The exact steps you follow depend on your original website address—that’s the one you used with WordPress.com. If you bought a custom domain name when you originally signed up with WordPress.com, read the next section (Keeping Your Custom Domain). If your old site used a.wordpress.com address, jump to the second section (Moving from .wordpress.com).

Keeping Your Custom Domain

If you followed the good advice in Chapter 2 and bought a custom domain name when you first signed up with WordPress.com, the transfer process is easy. You can keep the same domain for your new site.

If you bought the custom name through a domain registrar, you already know what to do—log in to your account and point your domain to the new site (see Mapping an Entire Domain Name).

If you bought the custom name through WordPress.com, you have two choices:

§  Transfer your domain from WordPress.com to your new web host.

§  Keep it registered with WordPress.com but point it to your new site.

Both options have the same effect. The only difference is who charges you the yearly domain registration fee (either your web host or Automattic, the people who run WordPress.com). You might choose to transfer your domain if your web host charges you less, or if it offers a free domain with your website package.

No matter which option you choose, you need to configure your WordPress.com domain. To do that, log in to your old WordPress.com site and go to the Store→Domains section of the dashboard. Then follow the instructions at http://tinyurl.com/8ese4cp.

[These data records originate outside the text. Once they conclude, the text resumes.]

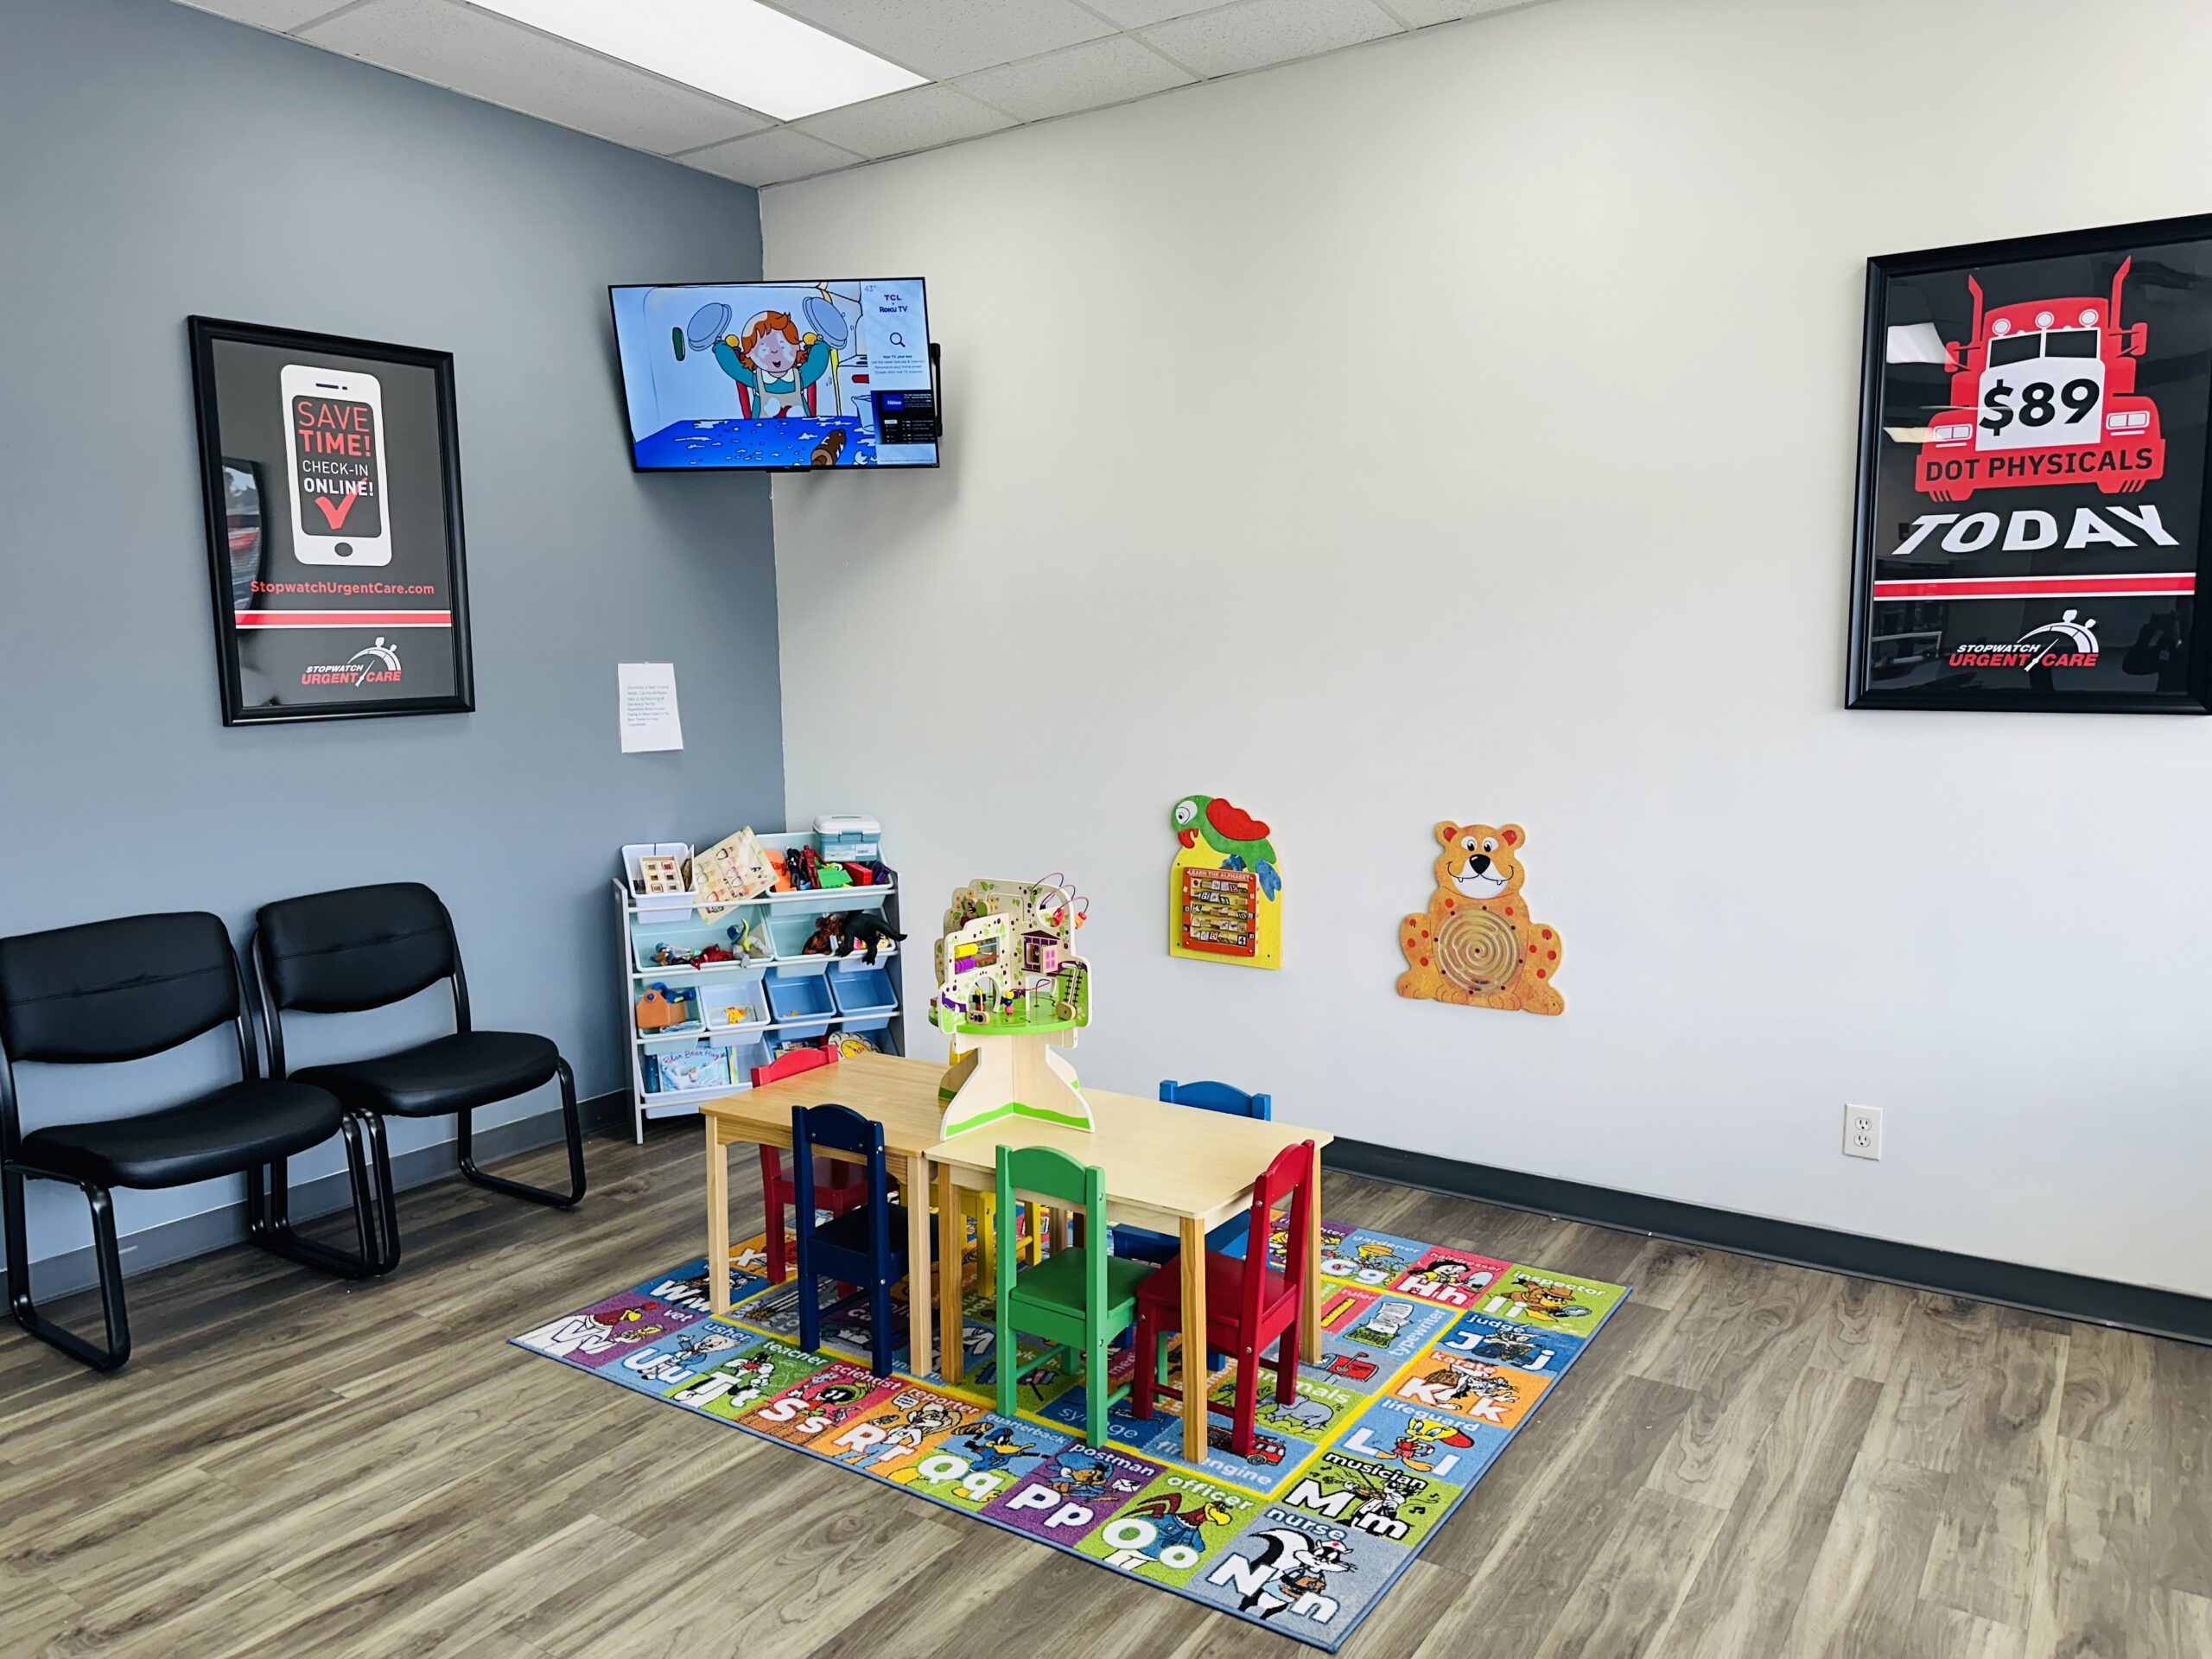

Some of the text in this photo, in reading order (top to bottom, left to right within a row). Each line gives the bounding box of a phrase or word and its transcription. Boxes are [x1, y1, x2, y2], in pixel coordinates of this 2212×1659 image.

[297, 401, 370, 433] SAVE
[1980, 378, 2100, 435] $89
[298, 430, 372, 457] TIME!
[302, 460, 368, 477] CHECK-IN
[1926, 448, 2153, 482] DOT PHYSICALS
[303, 476, 374, 497] ONLINE!
[1891, 505, 2181, 556] TODAY
[251, 580, 435, 595] StopwatchUrgentCare.com
[1948, 652, 2100, 667] URGENT CARE
[1956, 643, 2041, 653] STOPWATCH
[301, 671, 402, 685] URGENT CARE
[306, 664, 364, 673] STOPWATCH
[1353, 1236, 1421, 1253] gardener
[1431, 1252, 1503, 1273] hairdresser
[1514, 1271, 1606, 1296] inspector
[664, 1309, 692, 1322] vet
[1467, 1314, 1524, 1333] judge
[704, 1323, 752, 1341] usher
[1389, 1308, 1446, 1356] typewriter
[763, 1341, 828, 1365] teacher
[1431, 1351, 1497, 1375] karate
[908, 1388, 981, 1414] reporter
[1382, 1399, 1479, 1432] lifeguard
[986, 1414, 1067, 1444] quarterback
[1070, 1444, 1156, 1477] postman
[1205, 1458, 1272, 1485] ngine
[1324, 1453, 1428, 1490] musician
[1167, 1477, 1254, 1510] officer
[1267, 1508, 1346, 1541] nurse

Moving from .wordpress.com

If your original site uses a .wordpress.com domain, you need to redirect guests to your new domain. Your best bet is to buy the Site Redirect upgrade, which costs $13 per year. To get it, log into your old WordPress.com site, visit the Store section, find the Site Upgrade box, and then click Buy Now. Tell WordPress.com about your new site, and it handles the redirection automatically, serving out a special sort of notice called an HTTP 301 code, which clearly tells search engines that you’ve moved to a new home (so they can update your listing).

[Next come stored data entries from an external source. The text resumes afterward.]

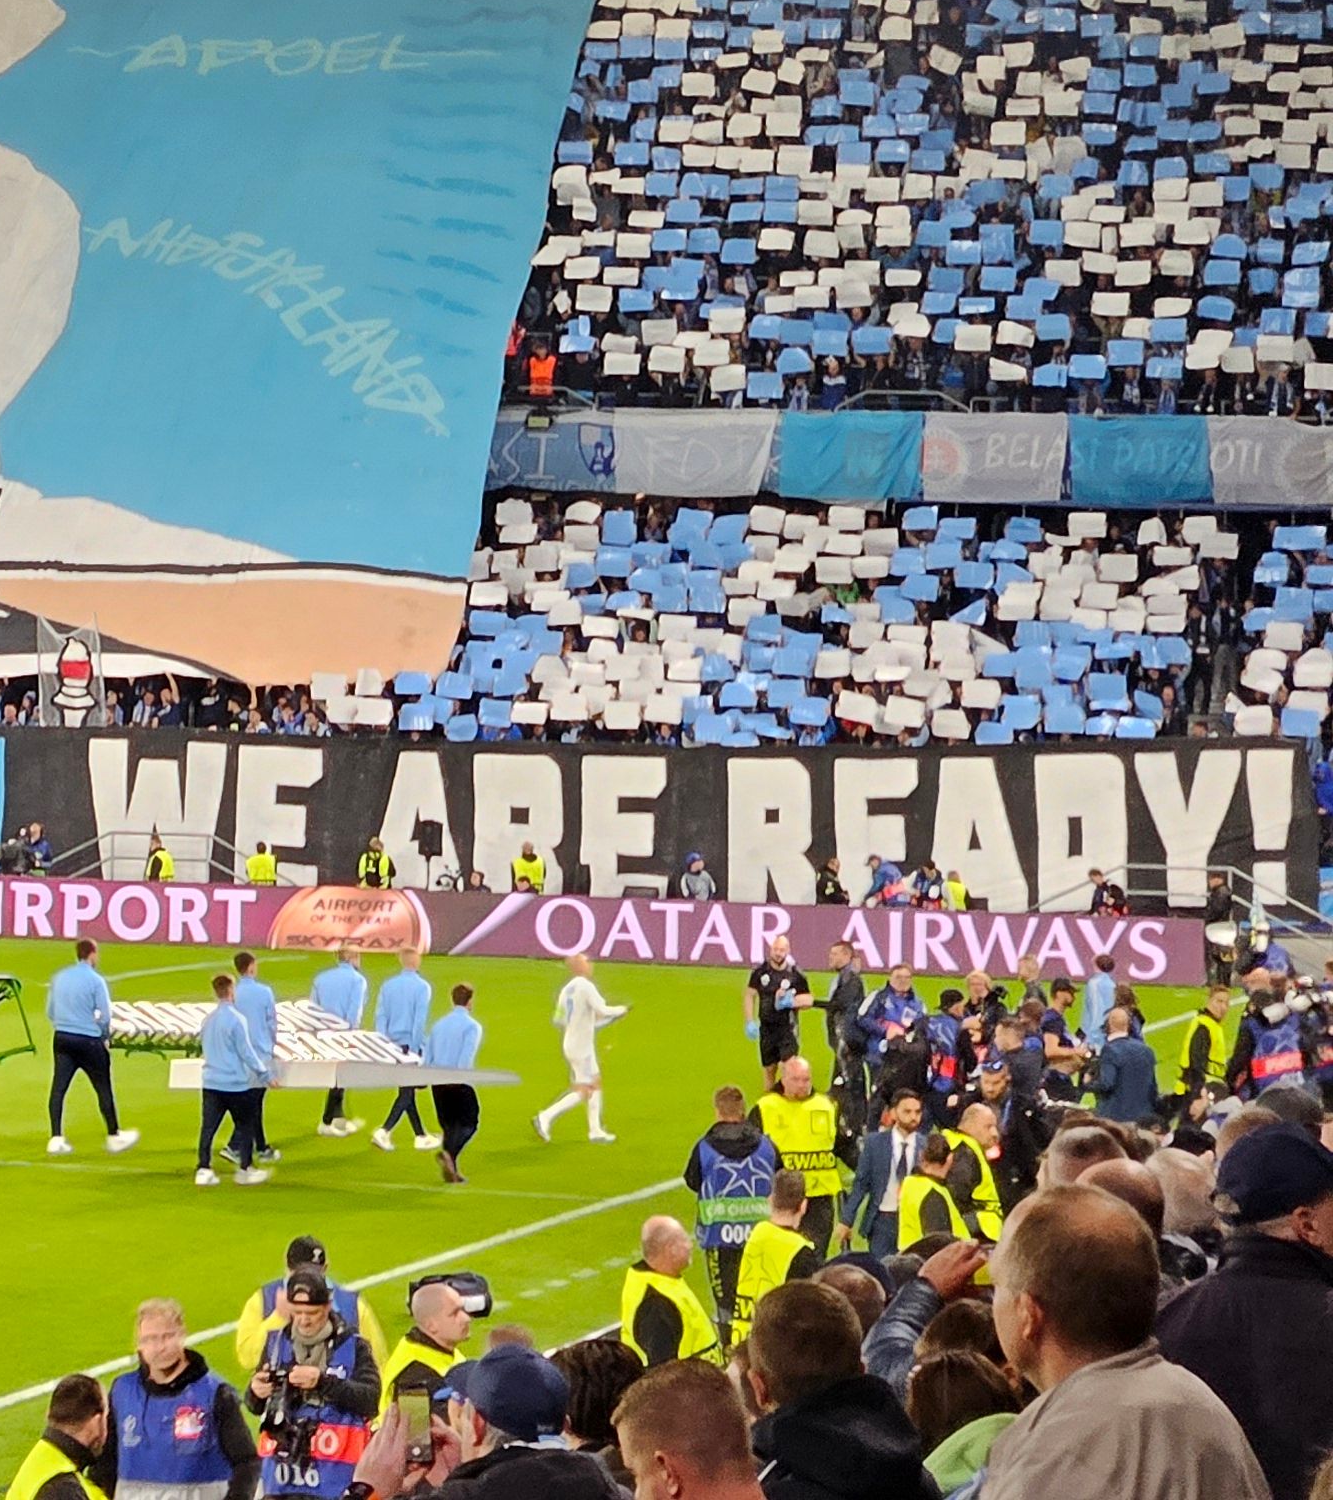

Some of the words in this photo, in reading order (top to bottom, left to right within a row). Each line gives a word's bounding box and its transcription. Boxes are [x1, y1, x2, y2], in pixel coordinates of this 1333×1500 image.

[122, 32, 429, 77] APOEL
[87, 738, 323, 888] WE
[375, 751, 668, 900] ARE
[727, 748, 1295, 914] READY!
[310, 914, 323, 923] OF
[332, 914, 352, 924] THE
[359, 915, 392, 925] YEAR
[313, 898, 398, 913] AIRPORT
[535, 896, 793, 961] QATAR
[275, 1464, 319, 1487] 016

In a year or so, when your readers (and the search engines of the world) have gotten used to your new address, you can cancel the upgrade and delete your WordPress.com site using the Tools→Delete Blog command in the dashboard.

NOTE

Instead of buying the Site Redirect upgrade, you could try to redirect traffic on your own. The basic technique is to change the home page on your old site to a static page that has a message explaining that you moved your site, along with a link to your new home. But this technique is fraught with problems, because readers may enter your site through bookmarks and miss your message, and search engines will continue funneling people to the wrong site (because it will have a higher ranking than your new site). So don’t do this unless your site has virtually no readers or search engine traffic to worry about.